Department of Methodology and Statistics, CAPHRI Care and Public Health Research Institute, Maastricht University, Maastricht, The Netherlands.
J Clin Epidemiol. 2018 Oct;102:107-114. doi: 10.1016/j.jclinepi.2018.06.006. Epub 2018 Jun 28.
We provide guidelines for handling the most common missing data problems in repeated measurements in observational studies and deal with practicalities in producing imputations when there are many partly missing time-varying variables and repeated measurements.

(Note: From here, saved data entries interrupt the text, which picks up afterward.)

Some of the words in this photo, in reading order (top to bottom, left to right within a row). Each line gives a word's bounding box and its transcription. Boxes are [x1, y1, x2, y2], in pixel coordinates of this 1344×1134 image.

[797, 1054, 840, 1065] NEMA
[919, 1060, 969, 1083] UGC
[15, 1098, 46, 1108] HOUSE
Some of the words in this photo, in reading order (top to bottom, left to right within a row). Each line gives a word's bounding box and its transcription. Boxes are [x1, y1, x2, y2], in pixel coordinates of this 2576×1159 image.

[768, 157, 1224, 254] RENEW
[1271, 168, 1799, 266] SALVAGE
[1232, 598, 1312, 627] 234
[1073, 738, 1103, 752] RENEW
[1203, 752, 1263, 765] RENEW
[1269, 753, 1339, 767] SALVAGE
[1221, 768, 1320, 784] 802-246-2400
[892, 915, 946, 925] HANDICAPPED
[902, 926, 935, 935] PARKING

The Maastricht Study on long-term dementia care environments was used as a case study. The data contain 84 momentary assessments for each of 115 participants. A continuous outcome and several time-varying covariates were involved containing missing observations varying from 4% to 25% per time point. A multiple imputation procedure is advocated with restrictions imposed on the relation within and between partially missing variables over time.

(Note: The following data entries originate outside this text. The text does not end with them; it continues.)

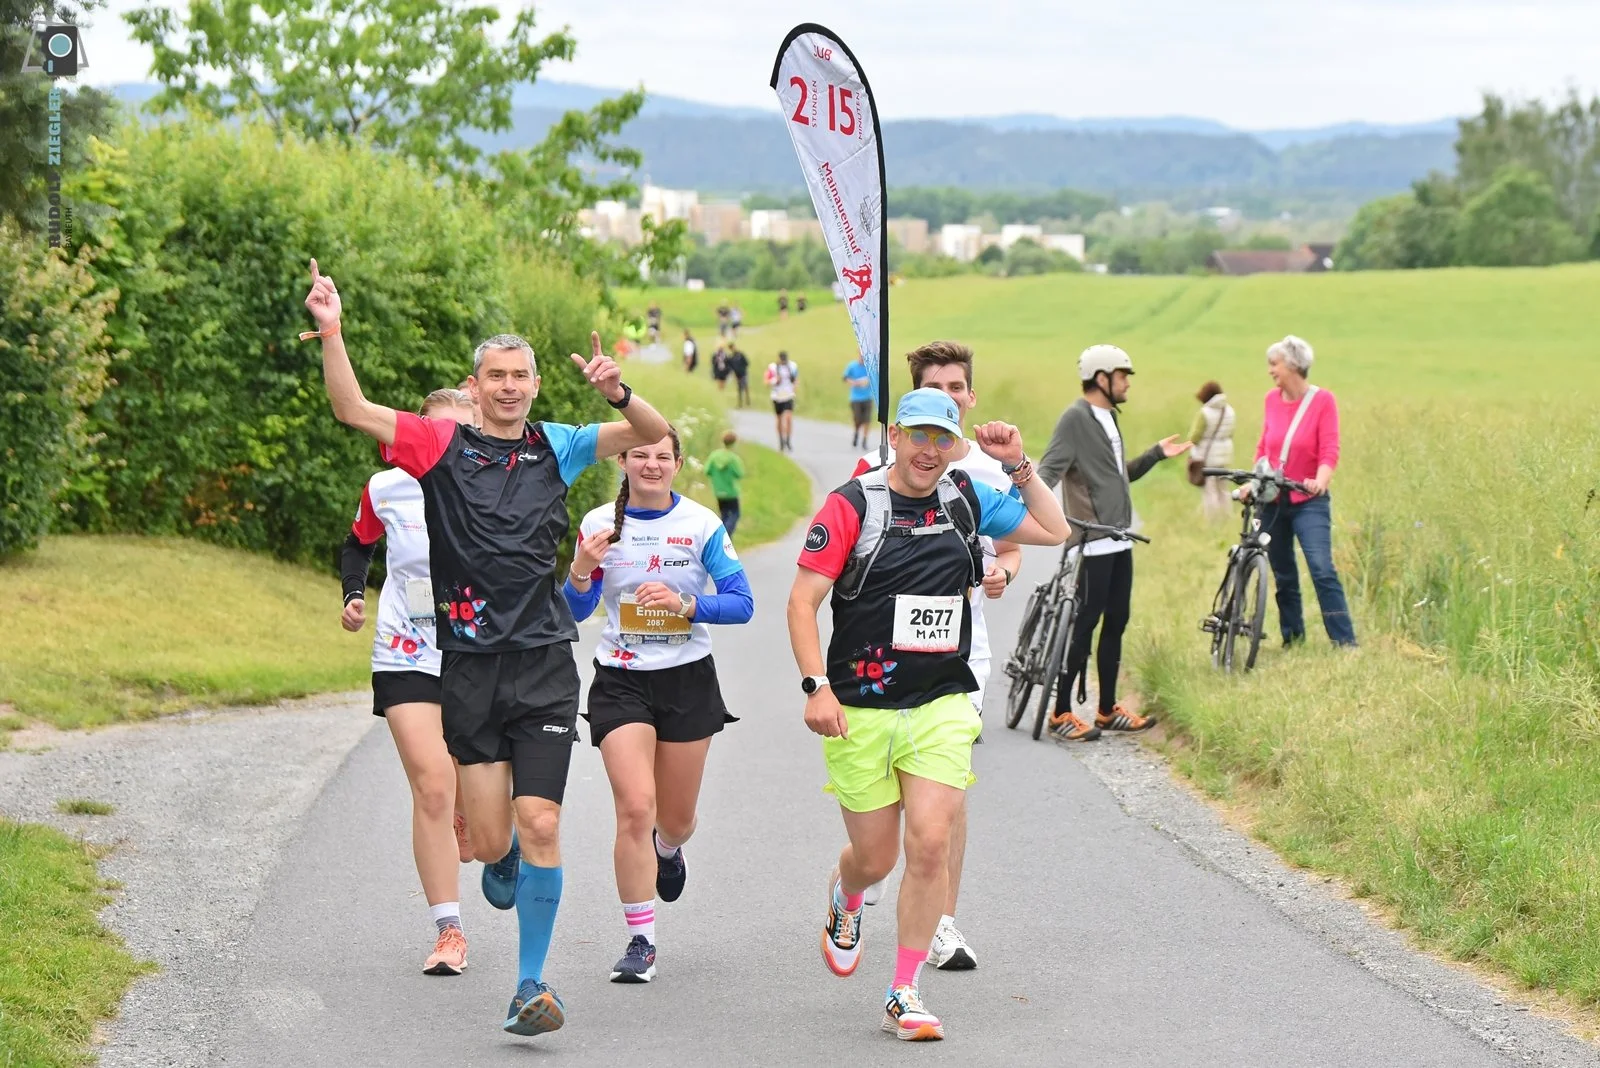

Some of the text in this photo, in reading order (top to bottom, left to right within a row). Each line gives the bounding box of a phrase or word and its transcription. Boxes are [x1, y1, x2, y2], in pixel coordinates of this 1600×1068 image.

[790, 76, 810, 126] 2
[828, 84, 856, 136] 15
[821, 161, 862, 255] Mainauenlauf
[667, 536, 693, 546] NKD
[646, 619, 666, 627] 2087
[910, 608, 953, 627] 2677
[916, 628, 951, 640] MATT

Multiple imputation is a better approach to deal with missing observations in both outcome and independent variables. Furthermore, using the statistical package R-MICE, it is possible to deal with the limitations of current statistical software in imputation of missing observations in more complex data.
In observational studies, the direct likelihood approach (i.e., the standard longitudinal data methods) is sufficient to obtain valid inferences in the presence of missing data only in the outcome. In contrast, multiple imputation is required when dealing with partly missing time-varying covariates and repeated measurements.
我们提供了处理观察性研究中重复测量中最常见缺失数据问题的指南,并处理了当存在许多部分缺失的时变变量和重复测量时产生插补的实际问题。
马斯特里赫特长期痴呆护理环境研究被用作案例研究。数据包含 115 名参与者的每个参与者 84 次瞬间评估。涉及连续结果和几个时变协变量,每个时间点的缺失观察值从 4%到 25%不等。提倡使用多重插补程序,并对随时间部分缺失变量之间和之间的关系施加限制。
多重插补是处理因变量和自变量中缺失观察值的更好方法。此外,使用 R-MICE 统计软件包,可以解决当前统计软件在更复杂数据中插补缺失观察值的局限性。
在观察性研究中,直接似然方法(即标准纵向数据方法)在仅存在缺失数据的情况下足以对结果进行有效推断。相比之下,当处理部分缺失的时变协变量和重复测量时,需要进行多重插补。